Positive returns continue, with increasing market volatility

The investment markets have seen a positive but volatile few months. Whilst April falls resulted in low returns for that quarter, a subsequent July recovery saw record highs in Global and Australian share markets.

Markets sharply fell again in the first 2 weeks of August. Factors impacting this include disappointing results in the Artificial Intelligence (AI) sector, a sluggish US jobs report and unexpected policy changes by the Bank of Japan.

Investors are more focused on fundamentals and some market commentators believe we’re in a time “where bad news is no longer good news for share markets”.

Share market returns from 1 January to 14 August 2024

The share market is highly concentrated.

The current market capitalisation concentrated in large US and Australian companies (large caps) is increasing share market volatility. In the US, the so-called MAG 7 stocks, were more than half of the gain in the S&P500 in the year to 30 June 2024 and the Top 10 Mega Cap stocks represented 38% of the Index at 30 June 2024. Importantly, the US market represents 70% of the MSCI World Index.

In Australia, the largest 6 stocks (4 major banks plus CSL and BHP) represented 38% of the market capitalisation of the ASX200 (top 200 stocks on the Australian Stock Exchange). The 4 major banks alone represent 22% of the ASX200 but delivered over 50% of the 2023/24 financial year returns. Due to this concentration, any increases or decreases in these few stocks have a magnified impact on the overall stock market, and market volatility.

Returns of major asset classes at 31 July 2024

All major share market returns are solid, both on a calendar year-to-date (CYTD) and annual basis. While Europe has struggled, global share prices gained on the expectation of lower interest rates in Europe and the US later this year. US annual inflation came in at 3%, the lowest since March 2021. This together with signs of slower economic activity in the US lead to encouraging signals from the US Central Bank that interest rates will be cut soon.

Emerging markets have provided reasonable returns at 4.4% for the 3 months to the end of July 2024. Large differences between CYTD returns in China of -9.4% and India of 21.5% demonstrate that active management is recommended for this asset class.

Despite the strong gains in the Australian market in July, signs continue that the Australian economy is weakening along with that of our major trading partners. Global and Australian bonds had a strong quarter, both showing capital gains as yields fell due to lower global inflation. The Reserve Bank of Australia cash rate remains at 4.35%.

Outlook for economy and markets

Most economists such as global credit rating firm Moody’s have a positive outlook for the economy and markets and expect ‘soft landing’ (when an economy comes out of a strong growth cycle without entering a recession). Nevertheless, most also agree that recession concerns are rising.  JP Morgan, for example believe that the probability of a US and global recession starting before the end of 2024 is 35%, increasing to 45% by the end of 2025.

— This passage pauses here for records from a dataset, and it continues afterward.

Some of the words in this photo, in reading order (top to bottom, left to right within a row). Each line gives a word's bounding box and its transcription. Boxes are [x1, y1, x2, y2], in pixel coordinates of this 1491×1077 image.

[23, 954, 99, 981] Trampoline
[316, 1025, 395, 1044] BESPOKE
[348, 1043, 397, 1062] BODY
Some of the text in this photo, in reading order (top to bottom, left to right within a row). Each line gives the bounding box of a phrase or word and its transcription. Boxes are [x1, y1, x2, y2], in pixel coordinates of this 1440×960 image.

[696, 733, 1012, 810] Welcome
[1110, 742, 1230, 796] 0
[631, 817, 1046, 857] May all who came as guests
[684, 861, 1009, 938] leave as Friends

Investors must remember that the solid returns we have enjoyed in the last few years were significantly boosted by unprecedented money being injected into the global economy by Governments and Central Banks in response to the COVID-19 pandemic.

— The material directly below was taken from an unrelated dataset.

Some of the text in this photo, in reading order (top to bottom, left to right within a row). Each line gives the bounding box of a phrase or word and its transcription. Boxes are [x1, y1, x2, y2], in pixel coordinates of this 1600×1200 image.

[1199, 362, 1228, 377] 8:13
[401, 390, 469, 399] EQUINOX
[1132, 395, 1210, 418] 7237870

The result was also a huge increase in global debt (for example US government debt of over USD35 Trillion, represents 126% of GDP). Nevertheless, investors remain focussed on the US economy, as developed markets outside the US, including Australia, are significantly weaker than the US.

The Australian economy is weak with retail sales and business forward orders declining but is benefiting from government spending and tax cuts along with immigration. This however is delaying any move by the RBA to cut rates until Q1 2025.

The present situation is complex and requires caution. Potential headwinds include:

  • while there is a strong likelihood of significant interest rate cuts in the US over the next 12 months, these have already been priced into markets
  • the COVID stimulus has been spent
  • consumers are facing an unprecedented cost of living crisis at a time of record levels of household debt
  • there are still significant inflation risks and
  • geopolitical risks are very high.

Conclusion

We remain optimistic but cautious about the outlook for markets.

Conditions support the mantra of diversification. While we think returns from growth assets will remain positive overall there is an increased probability of more short-term market corrections. In this event, the defensive components of portfolios should provide good returns and the opportunity for capital growth in the case of bonds.

It is important to not overreact to short-term data when making investment decisions. We’re here to help you navigate the financial markets in these volatile times.

The information contained in this article is general information only. It is not intended to be a recommendation, offer, advice or invitation to purchase, sell or otherwise deal in securities or other investments. Before making any decision in respect to a financial product, you should seek advice from an appropriately qualified professional.  We believe that the information contained in this document is accurate. However, we are not specifically licensed to provide tax or legal advice and any information that may relate to you should be confirmed with your tax or legal adviser.